What is it? and why is it different?

A good starting point is to ask what nanotechnology is and what it encompasses. There does not seem to be a definition set in stone, but a commonly accepted (and in this case, heavily paraphrased) one is “any technology that derives its defining feature because some aspect of it is 100 nm or less in dimension“. So a bag of cement which derives some qualities (more strength, less weight etc) from the presence of 50 nm particles inside it is nanotechnology, while the Ipod Nano, however much Apple would like to claim so, is not.

Note: If you are unfamiliar with the nomenclature, a nanometer is a billionth of a meter. A human hair is roughly 50,000 nanometers. That should give a good idea of how small things are.

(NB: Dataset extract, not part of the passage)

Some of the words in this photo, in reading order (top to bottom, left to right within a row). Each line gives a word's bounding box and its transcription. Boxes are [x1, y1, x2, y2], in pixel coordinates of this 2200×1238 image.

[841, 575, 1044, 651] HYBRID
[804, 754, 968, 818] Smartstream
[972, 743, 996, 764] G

So what is different with nanotechnology? In the broad context, I would say nothing much is different. The same laws of physics apply as they do to micro, macro and mega-technology (if such words exist). What is different is the relative importance of each law when they act on different materials of different sizes. A good way to think about it is to conduct a thought experiment where we consider that every object is acted upon by gravity and some fictitious force that is pushing it away from the earth. Also assume that the fictitious force has a constant magnitude equal to that which gravity has on a 1kg mass. So how does this situation pan out for objects of different masses? For something human-sized (roughly 70-80Kg), gravity is about 70-80 times stronger and so dominant that the fictitious force will simply not be noticed. As we go to smaller objects, the relative strength of gravity decreases and that of the fictitious force increases. The tipping point is when the mass of the object reaches 1kg. Now both the forces exactly balance out and any object of 1kg will float in space. For objects smaller than 1kg, the fictitious force will be dominant and the the object will start shooting away from the surface of the earth, apparently by its own volition. The ability to float in empty space and shoot off against the pull of gravity may seem magical, but it is simply a change in the balance of forces that causes this apparent magic.

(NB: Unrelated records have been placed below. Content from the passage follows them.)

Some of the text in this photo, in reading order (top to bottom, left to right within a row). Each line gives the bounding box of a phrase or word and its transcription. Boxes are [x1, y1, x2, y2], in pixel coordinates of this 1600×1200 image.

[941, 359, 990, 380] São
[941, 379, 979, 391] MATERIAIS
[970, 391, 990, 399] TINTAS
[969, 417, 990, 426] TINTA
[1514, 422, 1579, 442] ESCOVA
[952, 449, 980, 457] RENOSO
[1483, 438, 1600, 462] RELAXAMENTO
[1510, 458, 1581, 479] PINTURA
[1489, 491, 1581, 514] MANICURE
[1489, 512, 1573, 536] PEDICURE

The balance of forces is a very simplistic example and nanotechnological phenomena involve more complicated things, but I find they almost invariably arise from this relative importance of different laws that arise due to small size or mass or specific structure. In my opinion, there are three broad categories that cause nanotechnological materials and devices to get their USP.

New materials.

One of the aspects of nanotechnology is the discovery of new materials that naturally exist at sizes small enough to merit the nanotech label. The classic examples of these are a few carbon based materials, such as carbon nanotubes (CNT), Graphene, Fullerenes etc. They arise out of the propensity of Carbon to form an immensely impressive array or structures (from coal to diamond for instance). CNTs and Graphene are being researched for applications as diverse as improving touchscreens, toughening materials, building electronics, improving battery energy storage and building space elevators.There are still issues with tractability though, and controlling these materials is not easily done.

New uses for known materials.

This is the domain of tweaking known materials such that we alter the balance of forces and tip it into doing what we would like it to.  A good example of such a case is for quantum dots, which are usually made by taking powders of known materials such as lead sulphide (PbS), Cadmium Selenide (CdSe) etc and blitzing them till they are turned into nanometre sized particles.This ultra-tiny size radically changes the properties of the particles vis-a-vis the orginal (mega-sized) powder and makes them more suitable for certain applications. This is a case of an existing material, simply being cast into a different form, so that it takes on different properties and potential applications.

Existing materials in innovation strutures.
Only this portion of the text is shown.